Random sampling technique for overfitting control in genetic programming

  • Authors:
  • Ivo Gonçalves;Sara Silva;Joana B. Melo;João M. B. Carreiras

  • Affiliations:
  • ECOS/CISUC, DEI/FCTUC, University of Coimbra, Portugal;INESC-ID Lisboa, IST, Technical University of Lisbon, Portugal and ECOS/CISUC, DEI/FCTUC, University of Coimbra, Portugal;GeoDES, Tropical Research Institute (IICT), Lisbon, Portugal;GeoDES, Tropical Research Institute (IICT), Lisbon, Portugal

  • Venue:
  • EuroGP'12 Proceedings of the 15th European conference on Genetic Programming
  • Year:
  • 2012

Quantified Score

Hi-index 0.00

Visualization

Abstract

One of the areas of Genetic Programming (GP) that, in comparison to other Machine Learning methods, has seen fewer research efforts is that of generalization. Generalization is the ability of a solution to perform well on unseen cases.

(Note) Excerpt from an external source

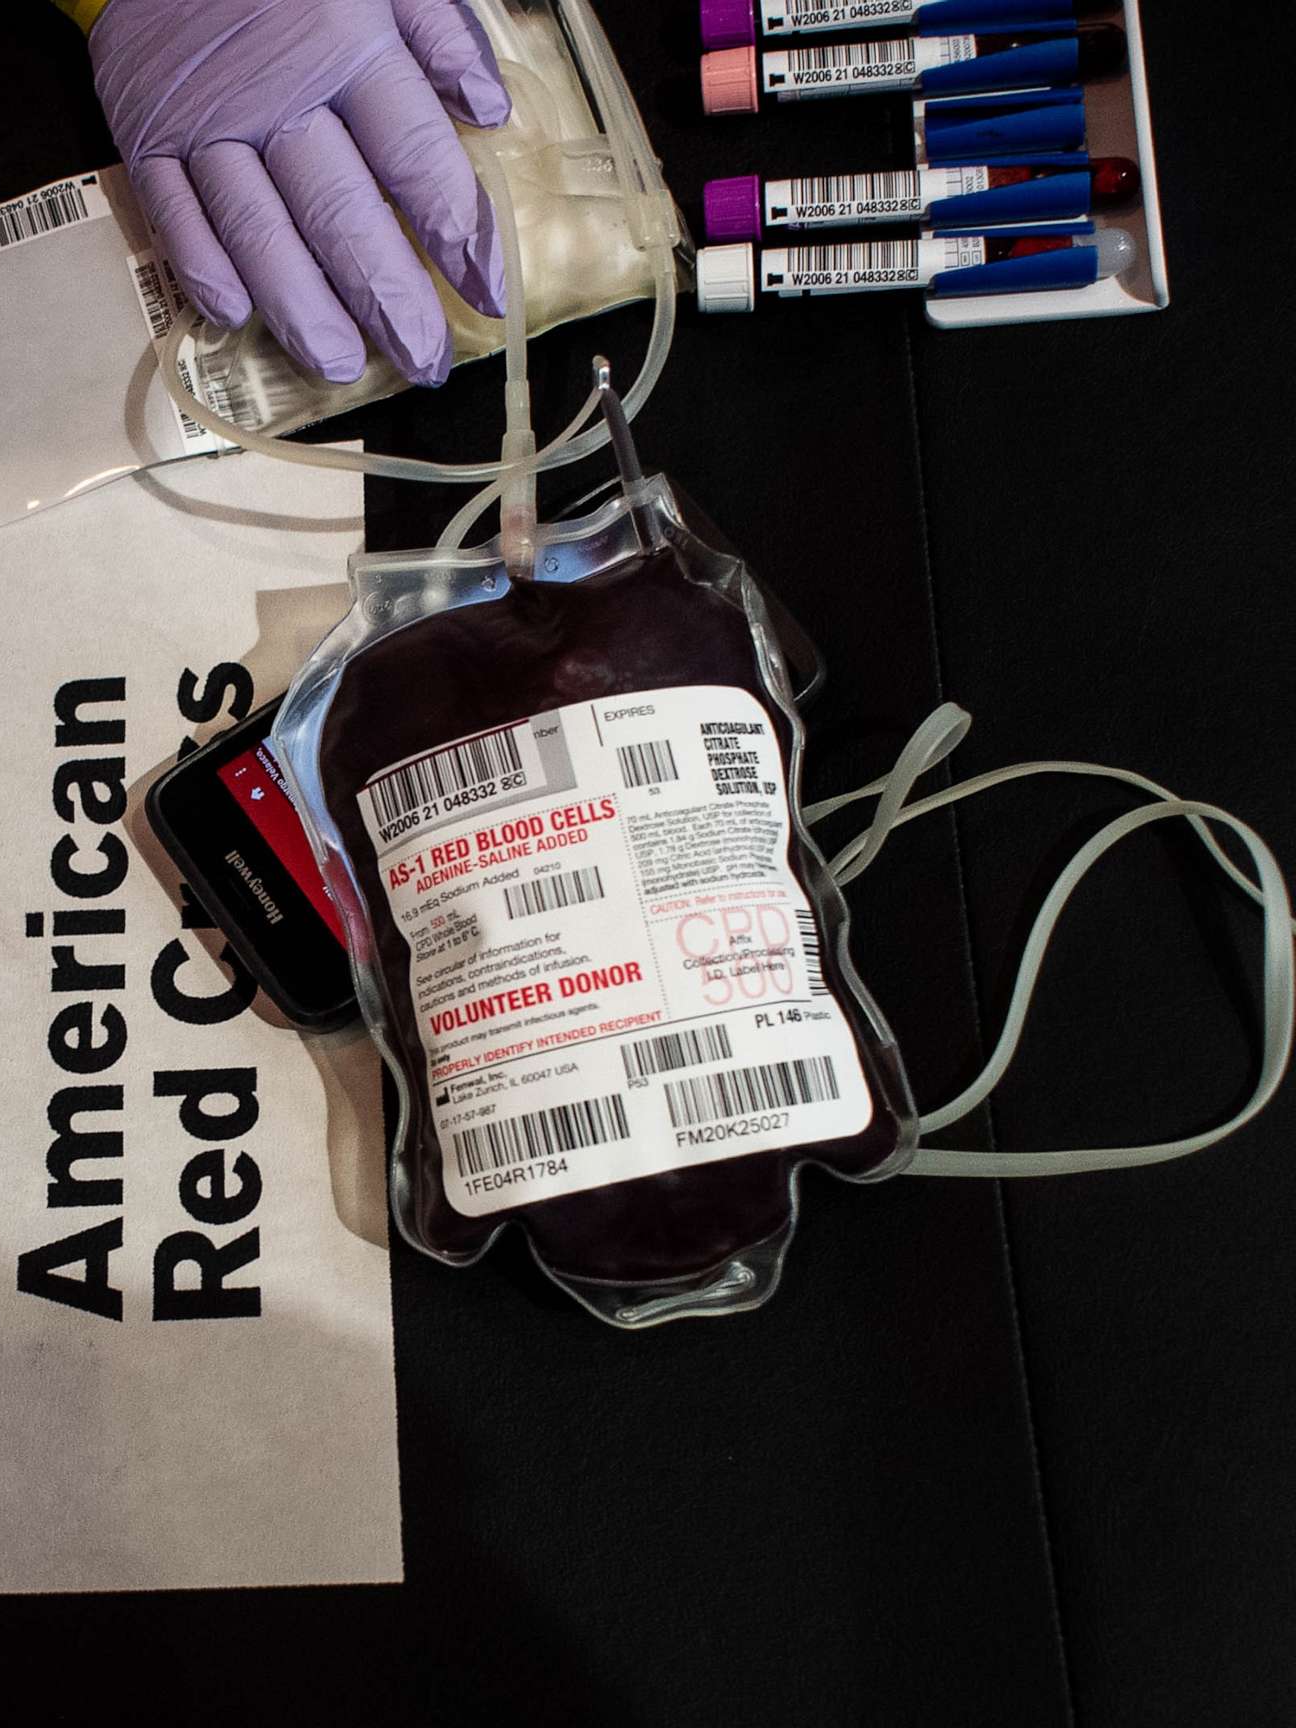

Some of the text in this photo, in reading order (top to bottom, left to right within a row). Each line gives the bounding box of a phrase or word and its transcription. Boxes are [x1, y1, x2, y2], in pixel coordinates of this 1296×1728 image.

It is one of the most important goals of any Machine Learning method, although in GP only recently has this issue started to receive more attention. In this work we perform a comparative analysis of a particularly interesting configuration of the Random Sampling Technique (RST) against the Standard GP approach. Experiments are conducted on three multidimensional symbolic regression real world datasets, the first two on the pharmacokinetics domain and the third one on the forestry domain. The results show that the RST decreases overfitting on all datasets. This technique also improves testing fitness on two of the three datasets. Furthermore, it does so while producing considerably smaller and less complex solutions. We discuss the possible reasons for the good performance of the RST, as well as its possible limitations.